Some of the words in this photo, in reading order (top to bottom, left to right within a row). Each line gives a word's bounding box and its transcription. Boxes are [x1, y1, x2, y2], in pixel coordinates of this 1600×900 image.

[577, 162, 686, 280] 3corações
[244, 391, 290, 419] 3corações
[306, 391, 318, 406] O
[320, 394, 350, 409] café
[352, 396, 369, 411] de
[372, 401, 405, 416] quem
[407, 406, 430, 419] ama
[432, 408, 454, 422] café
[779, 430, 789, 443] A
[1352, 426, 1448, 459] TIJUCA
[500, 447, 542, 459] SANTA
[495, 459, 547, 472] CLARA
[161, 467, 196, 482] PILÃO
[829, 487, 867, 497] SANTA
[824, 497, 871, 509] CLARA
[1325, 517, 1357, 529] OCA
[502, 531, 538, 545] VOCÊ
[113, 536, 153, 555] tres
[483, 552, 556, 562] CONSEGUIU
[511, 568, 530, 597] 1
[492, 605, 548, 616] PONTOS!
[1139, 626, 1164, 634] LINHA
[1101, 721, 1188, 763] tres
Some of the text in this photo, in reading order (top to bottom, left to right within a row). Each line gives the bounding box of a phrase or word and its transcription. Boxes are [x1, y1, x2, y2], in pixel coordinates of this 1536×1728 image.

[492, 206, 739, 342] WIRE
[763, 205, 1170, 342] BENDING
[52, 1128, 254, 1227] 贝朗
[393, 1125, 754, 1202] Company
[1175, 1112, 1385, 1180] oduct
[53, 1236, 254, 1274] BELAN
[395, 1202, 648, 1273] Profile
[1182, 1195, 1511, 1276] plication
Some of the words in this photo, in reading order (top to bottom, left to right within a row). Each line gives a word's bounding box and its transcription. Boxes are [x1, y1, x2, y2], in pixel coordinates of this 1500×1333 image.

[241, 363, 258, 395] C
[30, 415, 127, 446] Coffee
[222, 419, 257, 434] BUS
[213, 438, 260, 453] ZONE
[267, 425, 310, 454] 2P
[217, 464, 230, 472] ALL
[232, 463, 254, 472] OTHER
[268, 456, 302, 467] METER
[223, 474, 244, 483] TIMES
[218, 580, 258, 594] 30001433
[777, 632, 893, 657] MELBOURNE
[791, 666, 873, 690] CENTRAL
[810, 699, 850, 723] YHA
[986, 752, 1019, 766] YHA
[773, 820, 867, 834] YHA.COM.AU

# # # # # # #

#### [TASK STATEMENT]
All entries should be restated word for word.

#### [RESPONSE TO THE TASK]
Some of the words in this photo, in reading order (top to bottom, left to right within a row). Each line gives a word's bounding box and its transcription. Boxes are [x1, y1, x2, y2], in pixel coordinates of this 1600×900 image.

[577, 162, 686, 280] 3corações
[244, 391, 290, 419] 3corações
[306, 391, 318, 406] O
[320, 394, 350, 409] café
[352, 396, 369, 411] de
[372, 401, 405, 416] quem
[407, 406, 430, 419] ama
[432, 408, 454, 422] café
[779, 430, 789, 443] A
[1352, 426, 1448, 459] TIJUCA
[500, 447, 542, 459] SANTA
[495, 459, 547, 472] CLARA
[161, 467, 196, 482] PILÃO
[829, 487, 867, 497] SANTA
[824, 497, 871, 509] CLARA
[1325, 517, 1357, 529] OCA
[502, 531, 538, 545] VOCÊ
[113, 536, 153, 555] tres
[483, 552, 556, 562] CONSEGUIU
[511, 568, 530, 597] 1
[492, 605, 548, 616] PONTOS!
[1139, 626, 1164, 634] LINHA
[1101, 721, 1188, 763] tres
Some of the text in this photo, in reading order (top to bottom, left to right within a row). Each line gives the bounding box of a phrase or word and its transcription. Boxes are [x1, y1, x2, y2], in pixel coordinates of this 1536×1728 image.

[492, 206, 739, 342] WIRE
[763, 205, 1170, 342] BENDING
[52, 1128, 254, 1227] 贝朗
[393, 1125, 754, 1202] Company
[1175, 1112, 1385, 1180] oduct
[53, 1236, 254, 1274] BELAN
[395, 1202, 648, 1273] Profile
[1182, 1195, 1511, 1276] plication
Some of the words in this photo, in reading order (top to bottom, left to right within a row). Each line gives a word's bounding box and its transcription. Boxes are [x1, y1, x2, y2], in pixel coordinates of this 1500×1333 image.

[241, 363, 258, 395] C
[30, 415, 127, 446] Coffee
[222, 419, 257, 434] BUS
[213, 438, 260, 453] ZONE
[267, 425, 310, 454] 2P
[217, 464, 230, 472] ALL
[232, 463, 254, 472] OTHER
[268, 456, 302, 467] METER
[223, 474, 244, 483] TIMES
[218, 580, 258, 594] 30001433
[777, 632, 893, 657] MELBOURNE
[791, 666, 873, 690] CENTRAL
[810, 699, 850, 723] YHA
[986, 752, 1019, 766] YHA
[773, 820, 867, 834] YHA.COM.AU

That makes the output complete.